> SUPPLIED ENTRIES
------------------------------------
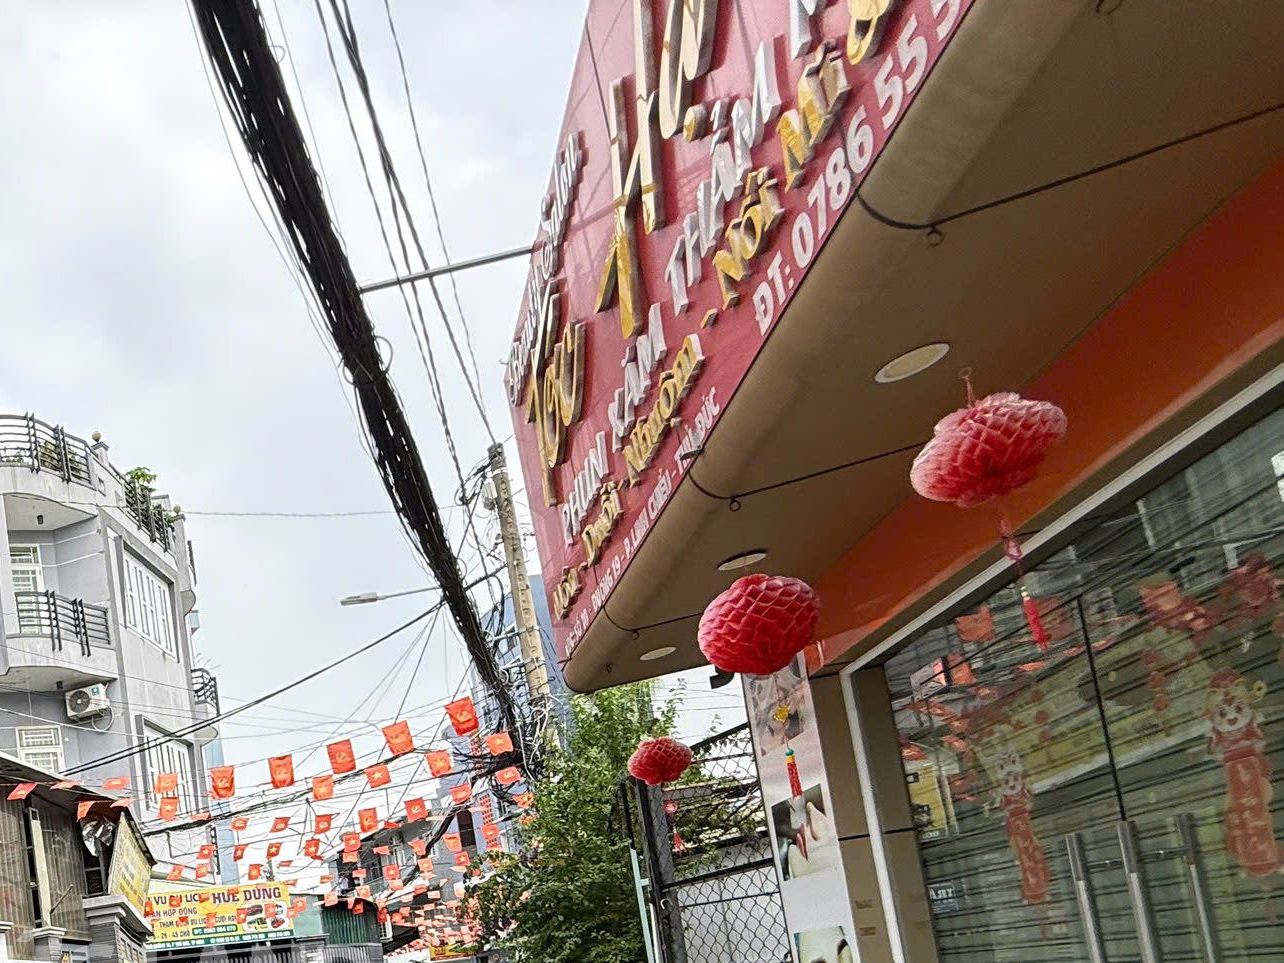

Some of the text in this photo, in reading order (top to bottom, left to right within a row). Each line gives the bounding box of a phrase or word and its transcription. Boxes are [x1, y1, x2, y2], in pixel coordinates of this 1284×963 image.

[792, 104, 874, 268] 0786
[562, 431, 610, 548] PHUN
[608, 302, 667, 453] XĂM
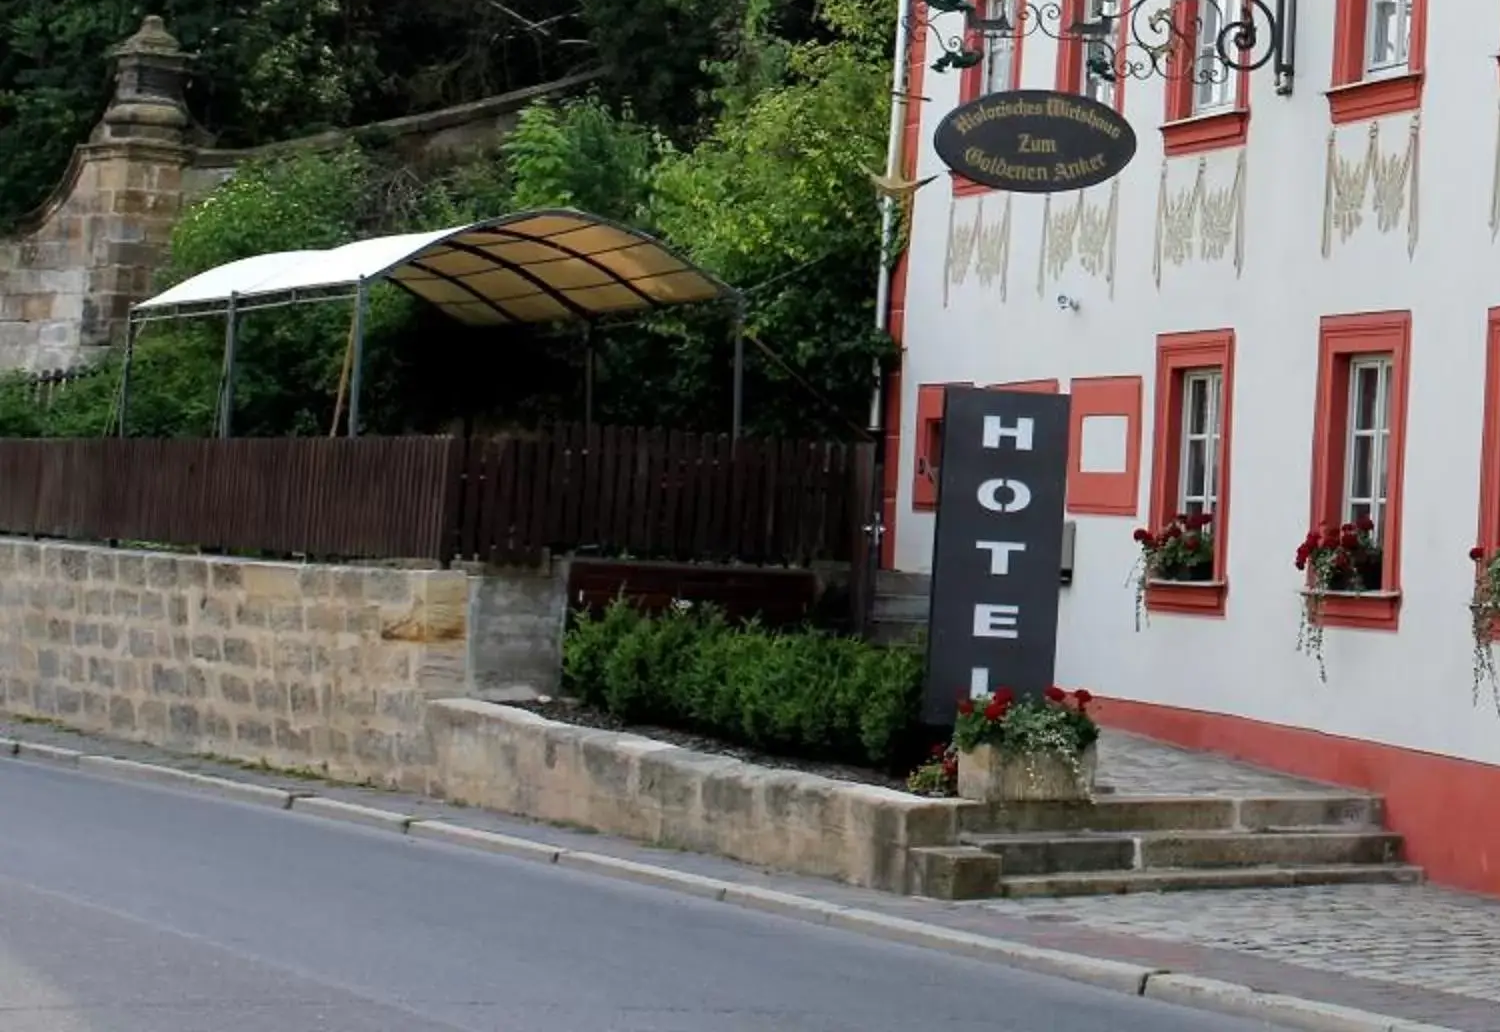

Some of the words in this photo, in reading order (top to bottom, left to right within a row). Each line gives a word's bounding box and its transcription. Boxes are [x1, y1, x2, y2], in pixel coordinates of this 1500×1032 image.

[955, 98, 1044, 135] Historisches
[1046, 98, 1122, 139] Wirtshaus
[1018, 133, 1057, 154] Zum
[964, 146, 1049, 181] Goldenen
[1052, 153, 1108, 181] Anker
[970, 415, 1035, 700] HOTEL
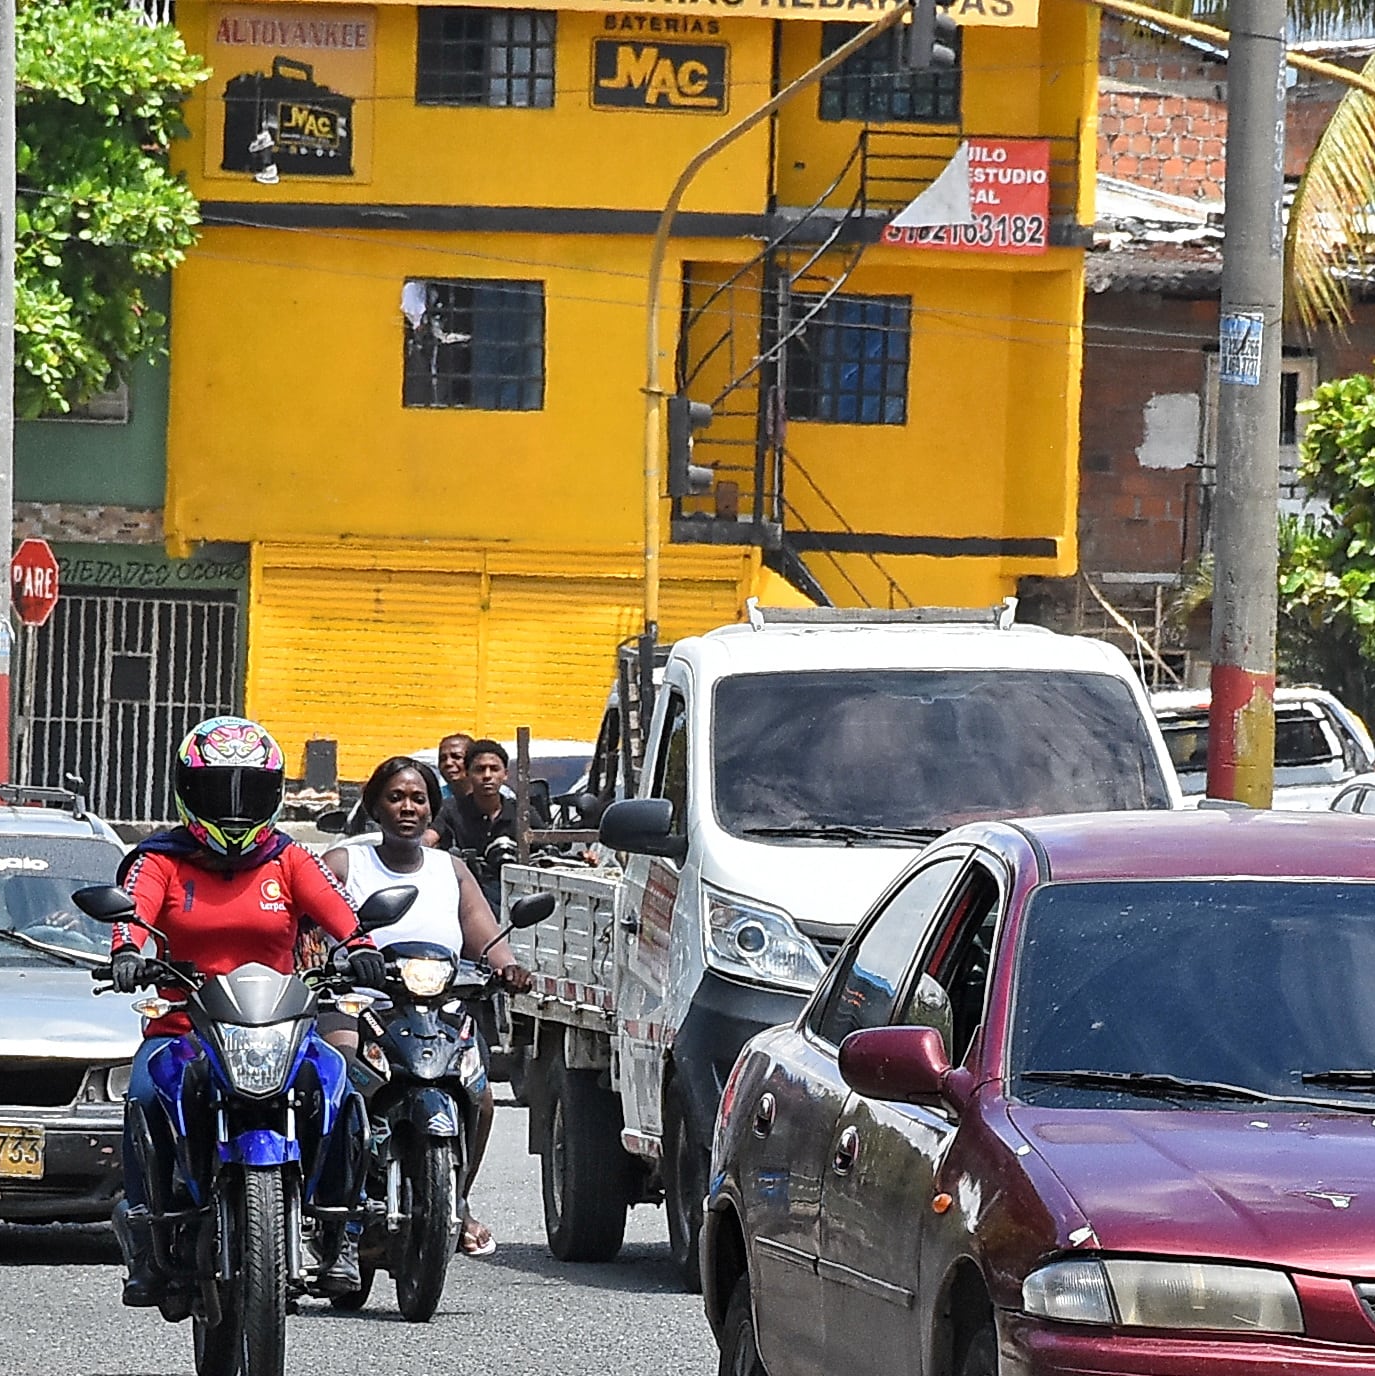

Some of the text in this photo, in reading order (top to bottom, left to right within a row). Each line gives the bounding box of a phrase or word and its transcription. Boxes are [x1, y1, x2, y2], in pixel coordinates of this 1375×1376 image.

[599, 46, 718, 107] MAC
[283, 107, 333, 138] MAC
[14, 564, 53, 599] PARE
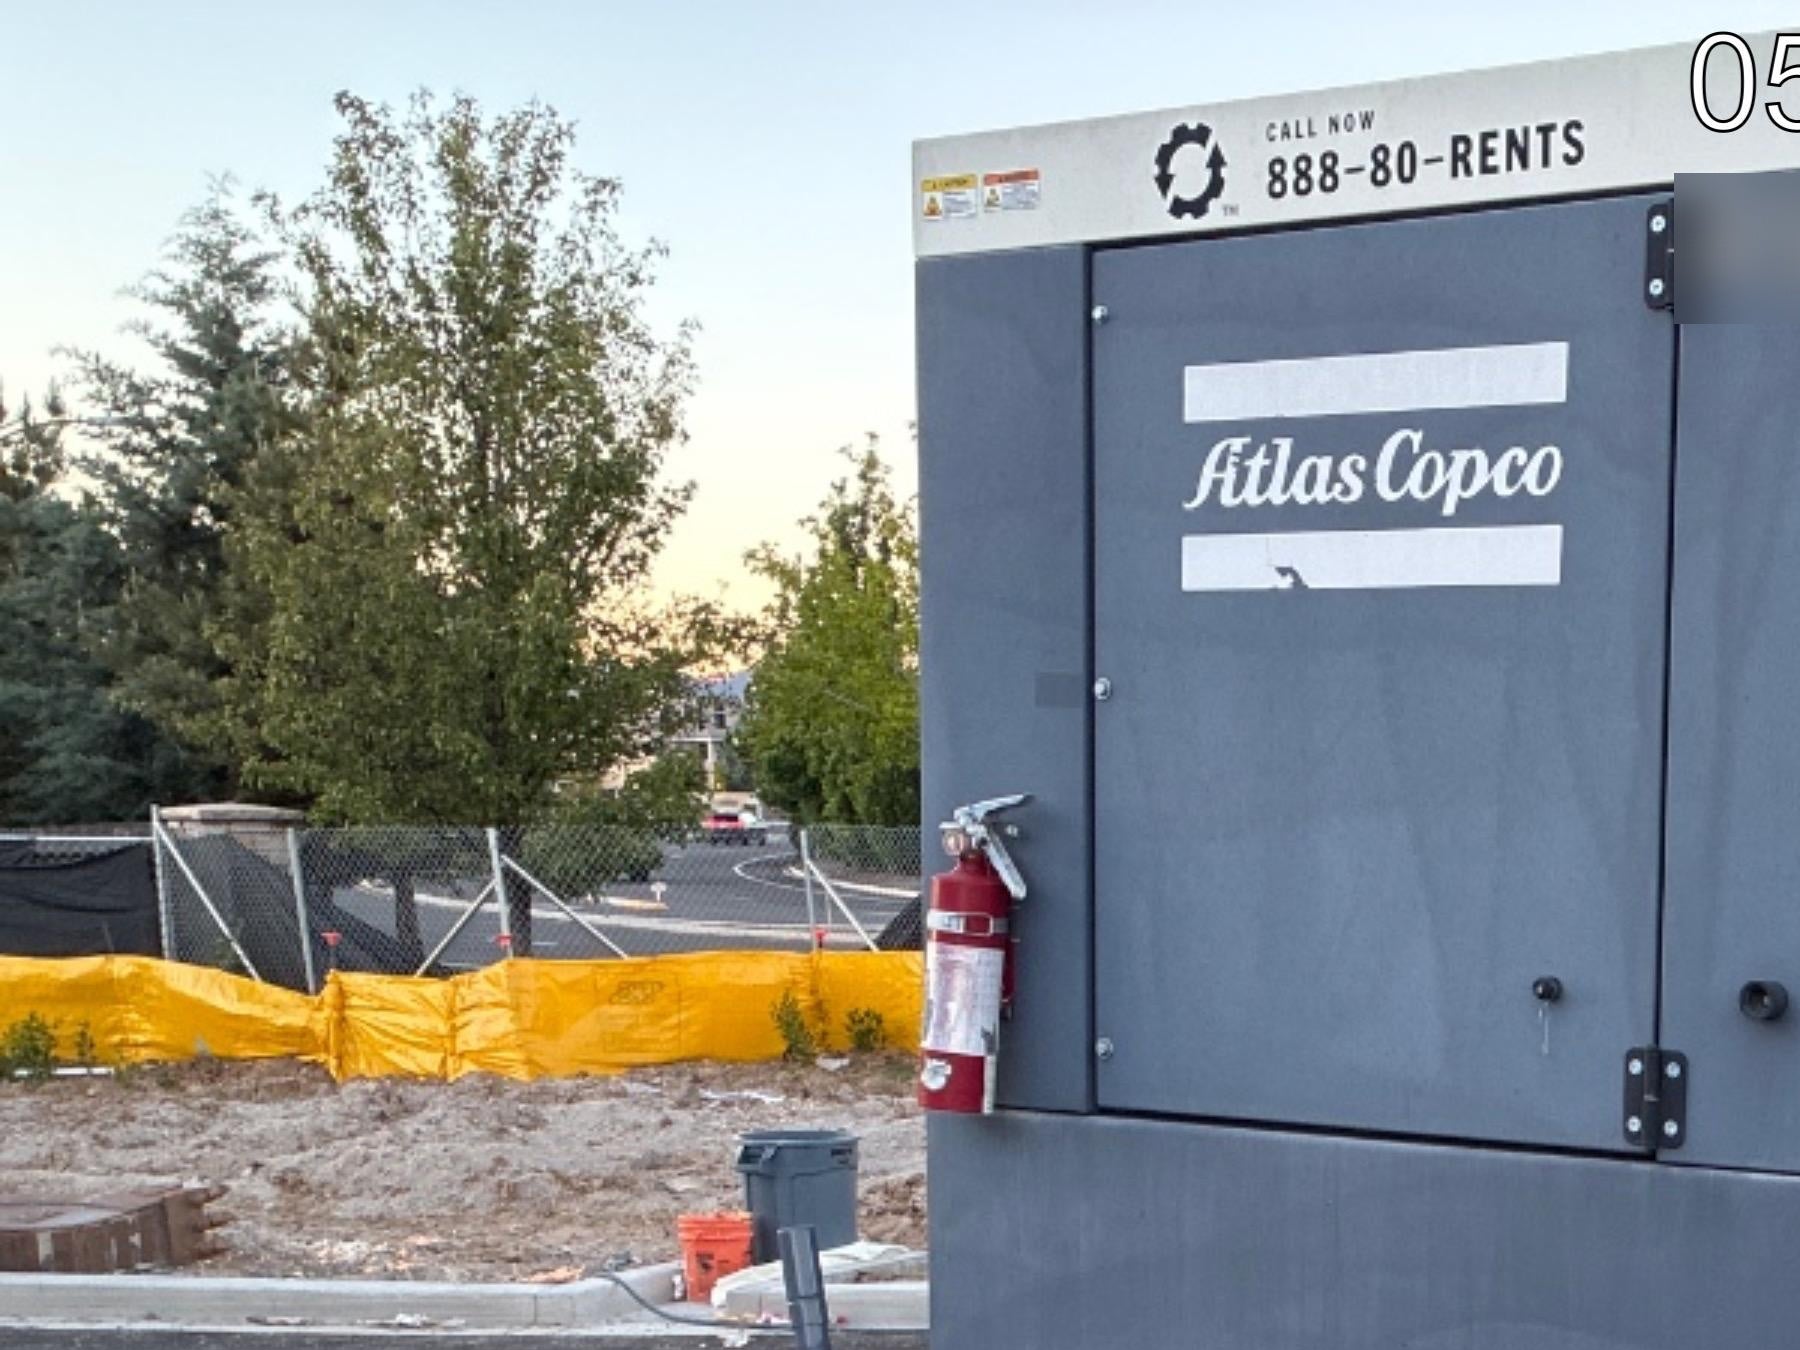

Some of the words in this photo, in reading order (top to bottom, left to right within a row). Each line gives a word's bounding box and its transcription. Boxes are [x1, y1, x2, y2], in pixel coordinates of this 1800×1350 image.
------------------------------------
> ASSIGNED TASK
Would you write out each record above exactly, with no images?

> OUTPUT OF THE EXERCISE
Some of the text in this photo, in reading order (top to bottom, left to right within a row). Each line gives the bounding box of a phrase or word and its transcription. Boxes are [x1, y1, x2, y2], in pixel coordinates of this 1284×963 image.

[792, 104, 874, 268] 0786
[562, 431, 610, 548] PHUN
[608, 302, 667, 453] XĂM

Some of the words in this photo, in reading order (top to bottom, left to right within a row). Each line gives a word's bounding box and its transcription. Boxes are [x1, y1, x2, y2], in pixel coordinates of this 1500×1032 image.

[955, 98, 1044, 135] Historisches
[1046, 98, 1122, 139] Wirtshaus
[1018, 133, 1057, 154] Zum
[964, 146, 1049, 181] Goldenen
[1052, 153, 1108, 181] Anker
[970, 415, 1035, 700] HOTEL

Some of the text in this photo, in reading order (top to bottom, left to right within a row). Each line gives the bounding box of a phrase or word and its transcription. Boxes are [x1, y1, x2, y2], in pixel coordinates of this 1375×1376 image.

[599, 46, 718, 107] MAC
[283, 107, 333, 138] MAC
[14, 564, 53, 599] PARE

Some of the words in this photo, in reading order (top to bottom, left to right within a row). Each line gives a word's bounding box and its transcription. Boxes are [x1, y1, x2, y2], in pixel coordinates of this 1800×1350 image.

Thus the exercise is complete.